* _AIM OF THE EXERCISE_
Would you print the data below exactly, leaving out every picture?

* _SOURCE DATA_
:::::
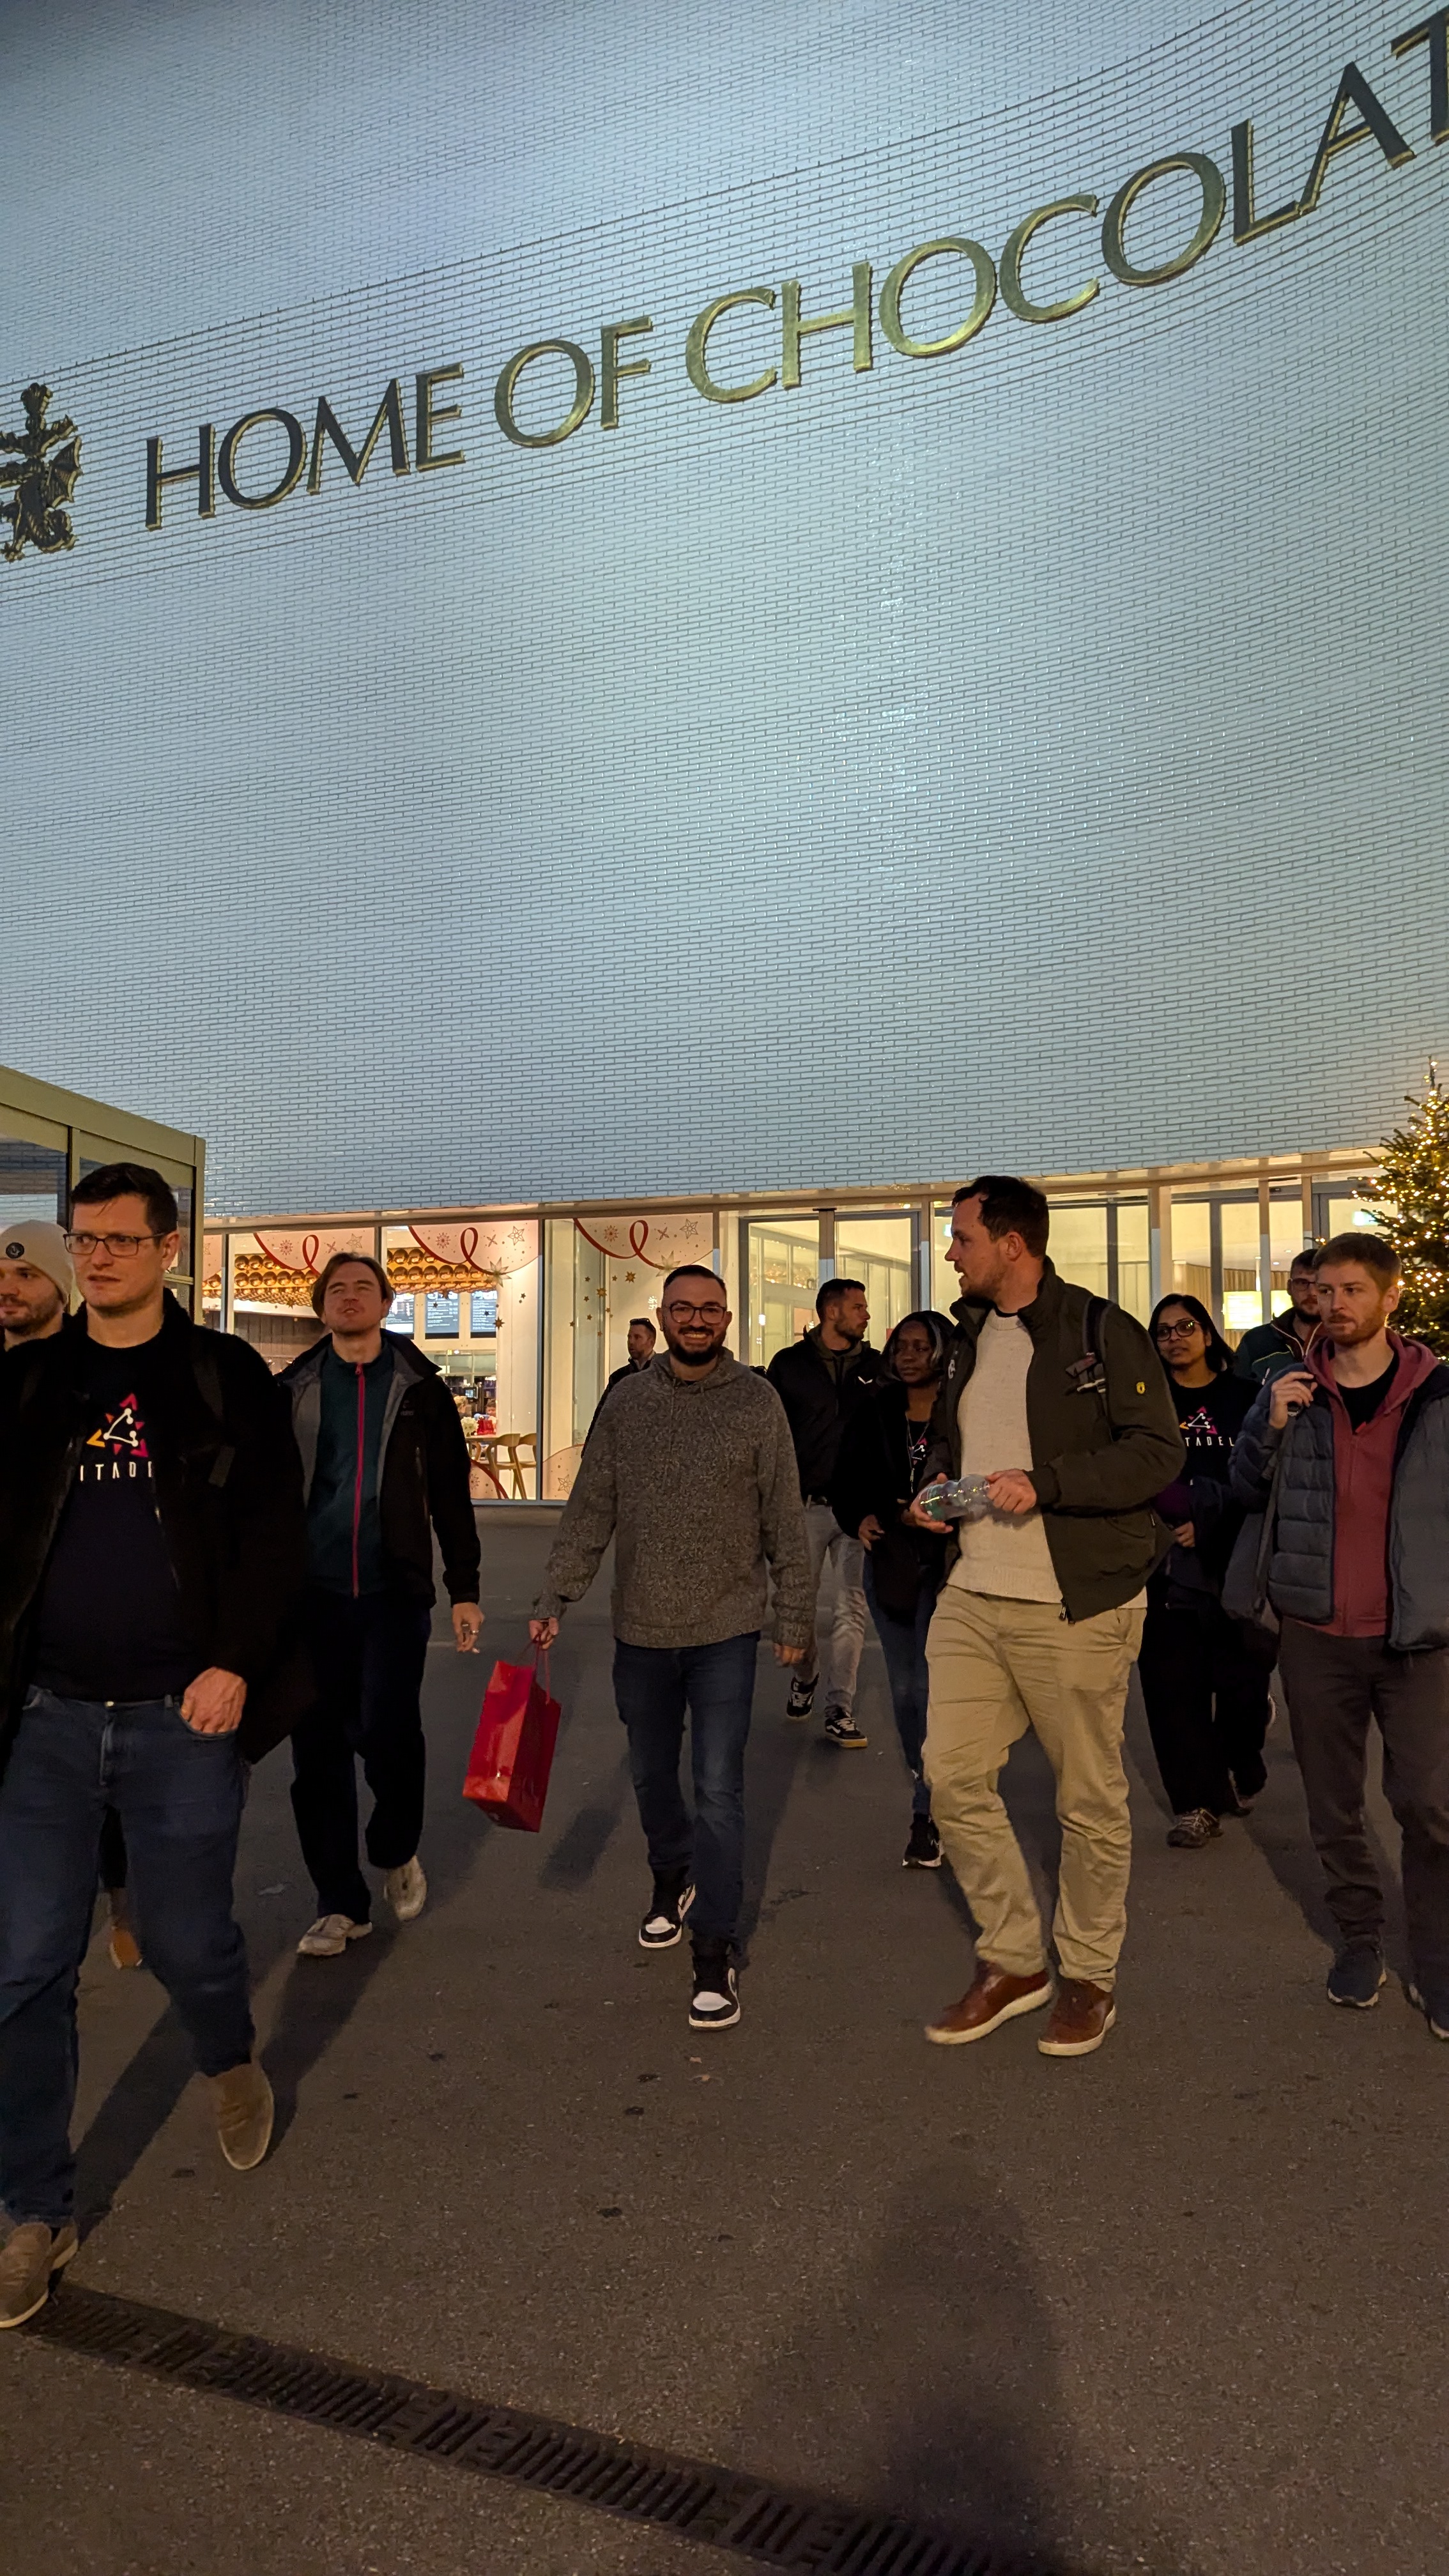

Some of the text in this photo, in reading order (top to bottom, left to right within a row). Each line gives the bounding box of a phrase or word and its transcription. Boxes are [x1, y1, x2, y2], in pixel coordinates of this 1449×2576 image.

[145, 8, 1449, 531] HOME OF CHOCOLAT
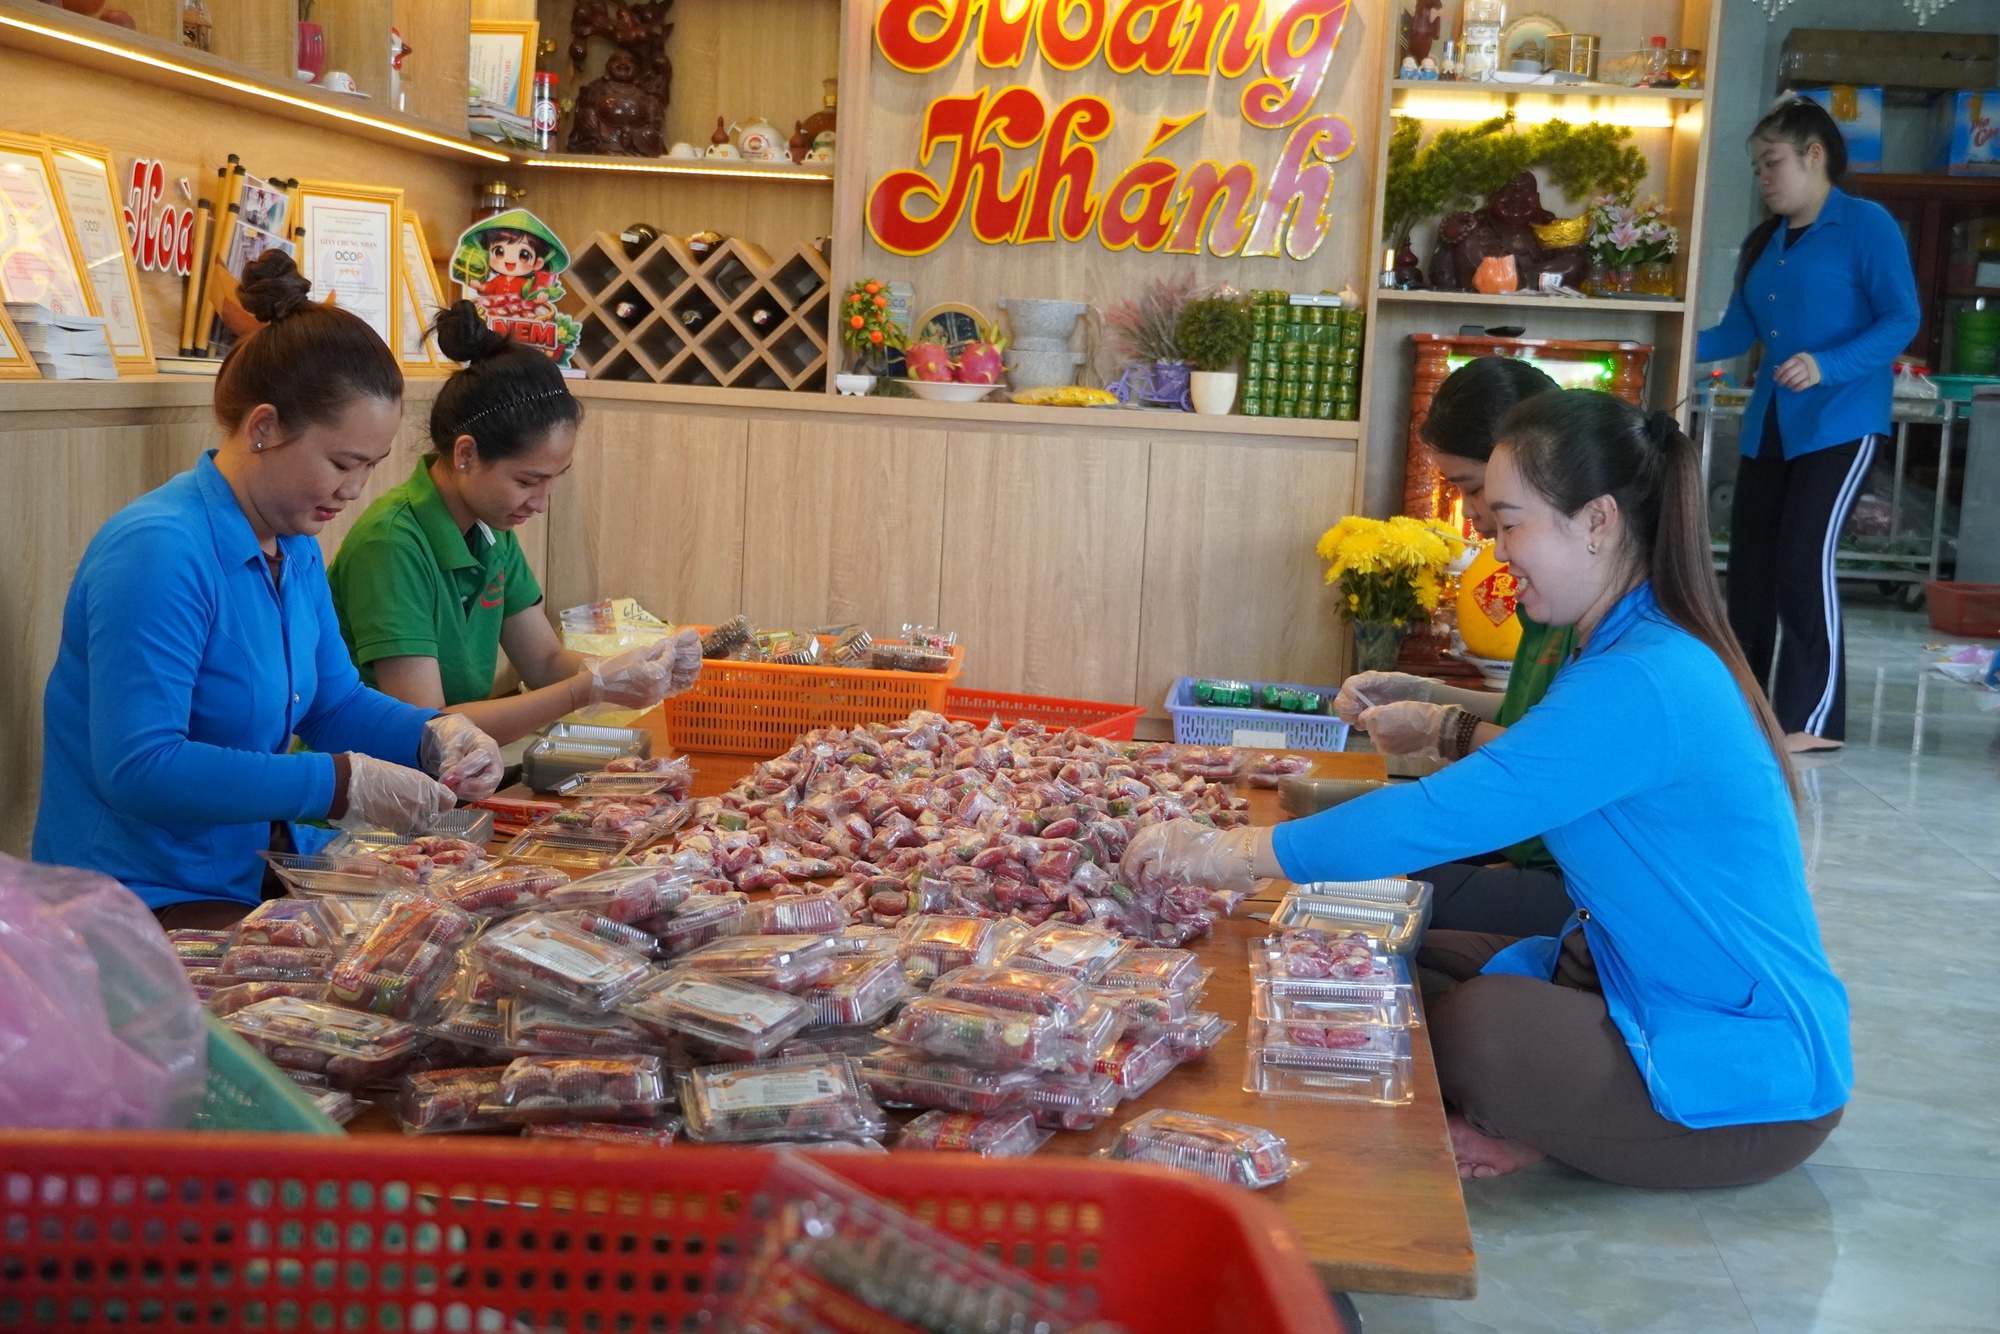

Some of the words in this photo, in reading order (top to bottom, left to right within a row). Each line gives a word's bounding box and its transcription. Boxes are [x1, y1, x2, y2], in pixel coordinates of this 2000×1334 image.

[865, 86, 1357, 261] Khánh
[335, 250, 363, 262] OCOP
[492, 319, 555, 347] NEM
:::::
* _OUTPUT_
Some of the text in this photo, in reading order (top to bottom, left to right within a row). Each line gives the bounding box of a phrase or word and its transcription. Boxes are [x1, y1, x2, y2], in pixel coordinates of this 1449×2576 image.

[145, 8, 1449, 531] HOME OF CHOCOLAT

Some of the words in this photo, in reading order (top to bottom, left to right within a row). Each line gives a word's bounding box and its transcription. Boxes are [x1, y1, x2, y2], in pixel coordinates of this 2000×1334 image.

[865, 86, 1357, 261] Khánh
[335, 250, 363, 262] OCOP
[492, 319, 555, 347] NEM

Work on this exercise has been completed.